# [What to work on]
Your task is to repeat the lines below exactly, excluding any pictures they contain.

** Provided data follows **

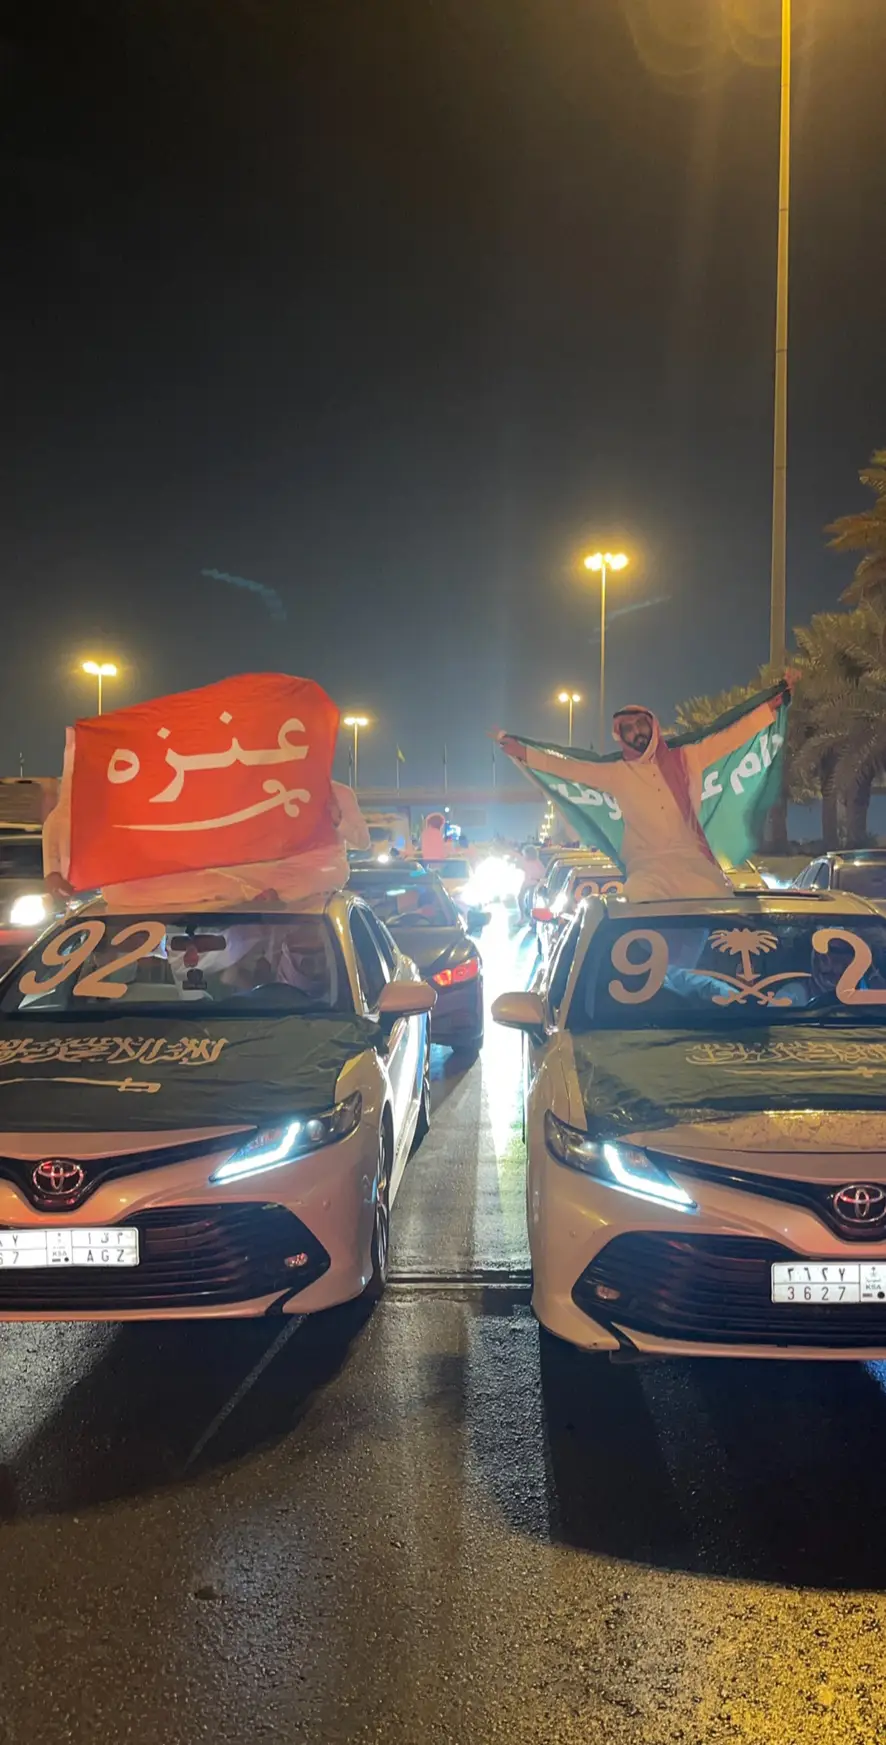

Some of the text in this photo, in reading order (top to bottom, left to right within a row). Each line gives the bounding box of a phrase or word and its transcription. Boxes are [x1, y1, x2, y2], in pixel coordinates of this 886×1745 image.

[107, 711, 309, 803] عنزه
[18, 920, 166, 999] 92
[787, 1286, 846, 1301] 3627
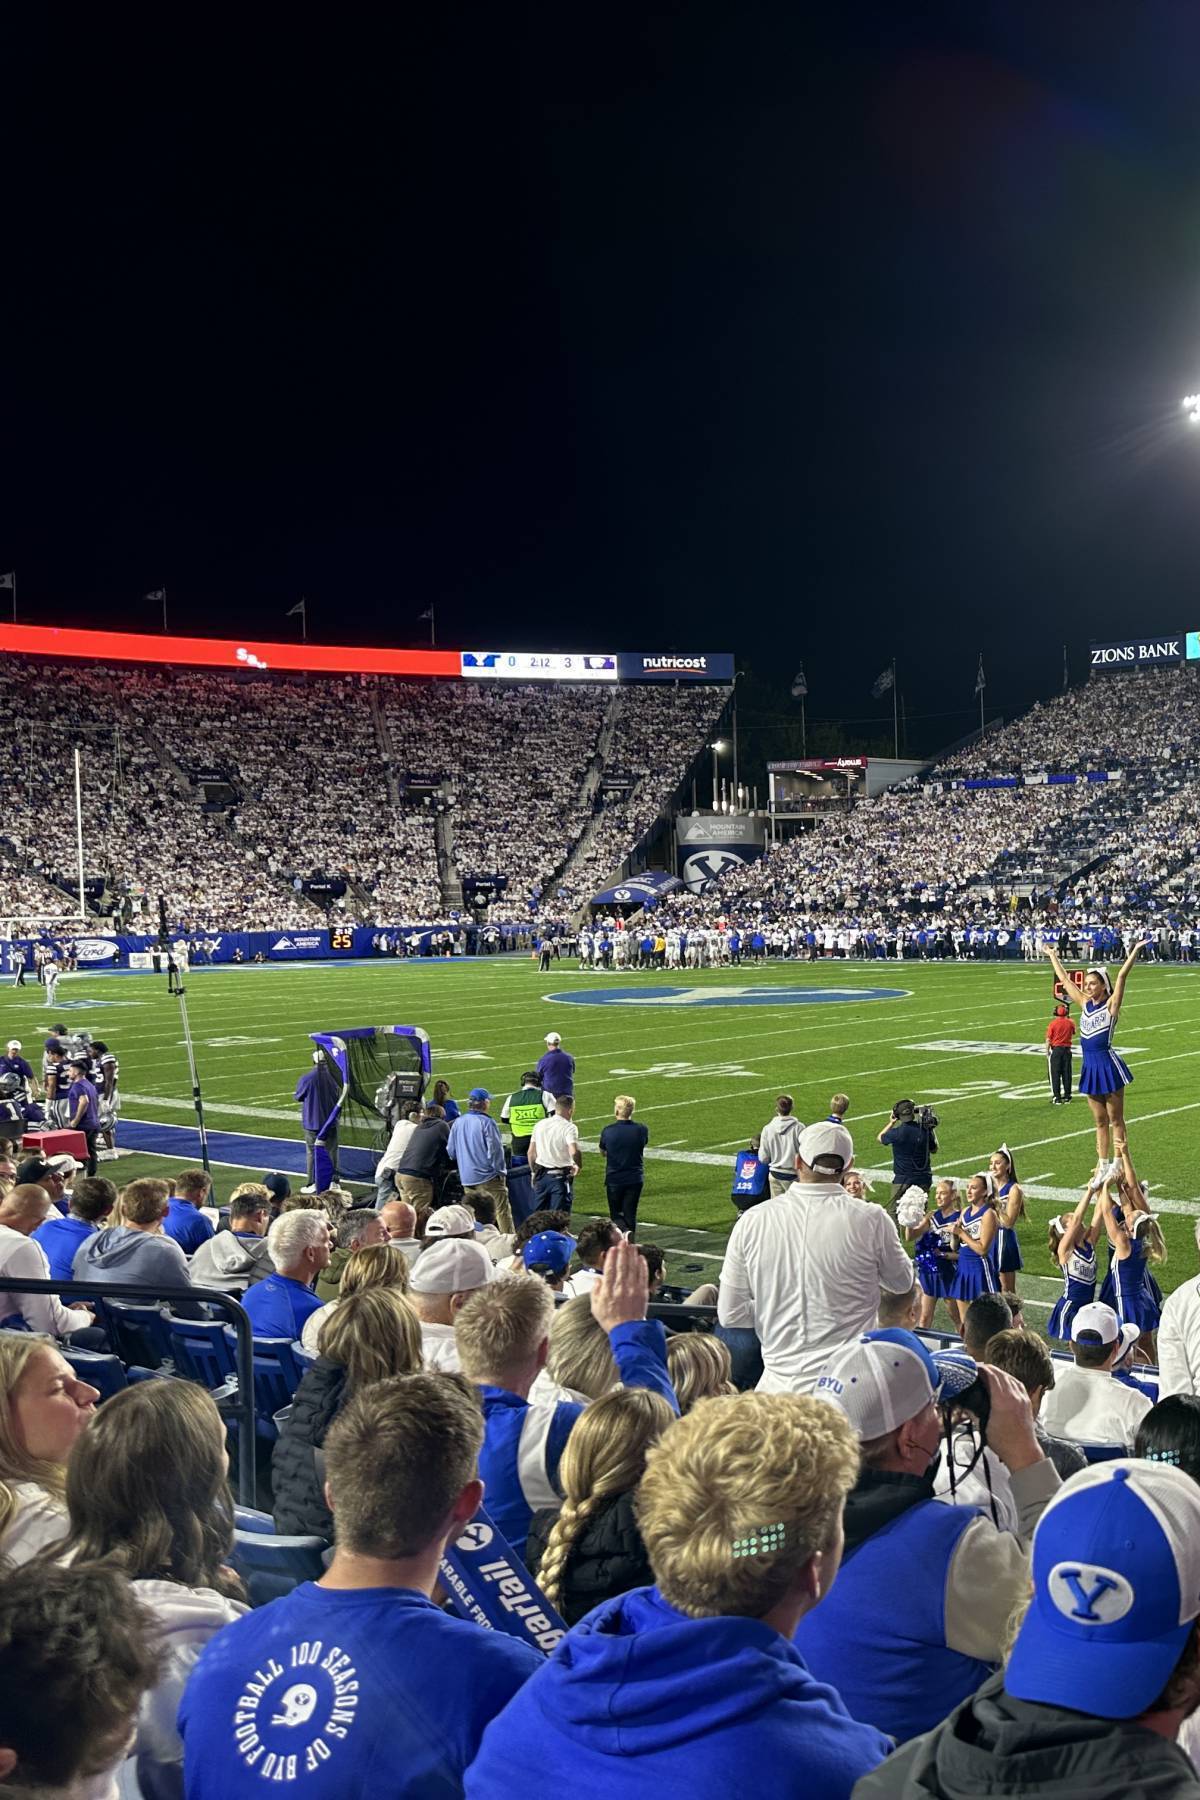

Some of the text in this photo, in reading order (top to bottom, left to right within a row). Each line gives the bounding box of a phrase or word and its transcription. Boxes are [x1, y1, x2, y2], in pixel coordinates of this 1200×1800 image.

[1091, 641, 1180, 664] ZIONS BANK
[530, 656, 551, 668] 2:12
[564, 658, 572, 669] 3
[643, 656, 706, 669] nutricost
[709, 823, 746, 831] MOUNTAIN
[77, 943, 107, 956] Ford
[332, 935, 352, 948] 25
[736, 1182, 753, 1191] 125
[817, 1376, 844, 1395] BYU
[440, 1553, 475, 1607] ARABLE
[1059, 1569, 1119, 1621] Y
[478, 1559, 566, 1658] garTail
[235, 1640, 359, 1780] 100 SEASONS OF BYU FOOTBALL

** End of Provided data **

# [Written response]
Some of the text in this photo, in reading order (top to bottom, left to right within a row). Each line gives the bounding box of a phrase or word and its transcription. Boxes are [x1, y1, x2, y2], in pixel coordinates of this 886×1745 image.

[107, 711, 309, 803] عنزه
[18, 920, 166, 999] 92
[787, 1286, 846, 1301] 3627

Some of the text in this photo, in reading order (top to bottom, left to right within a row). Each line gives the bounding box of a phrase or word and its transcription. Boxes are [x1, y1, x2, y2], in pixel coordinates of this 1200×1800 image.

[1091, 641, 1180, 664] ZIONS BANK
[530, 656, 551, 668] 2:12
[564, 658, 572, 669] 3
[643, 656, 706, 669] nutricost
[709, 823, 746, 831] MOUNTAIN
[77, 943, 107, 956] Ford
[332, 935, 352, 948] 25
[736, 1182, 753, 1191] 125
[817, 1376, 844, 1395] BYU
[440, 1553, 475, 1607] ARABLE
[1059, 1569, 1119, 1621] Y
[478, 1559, 566, 1658] garTail
[235, 1640, 359, 1780] 100 SEASONS OF BYU FOOTBALL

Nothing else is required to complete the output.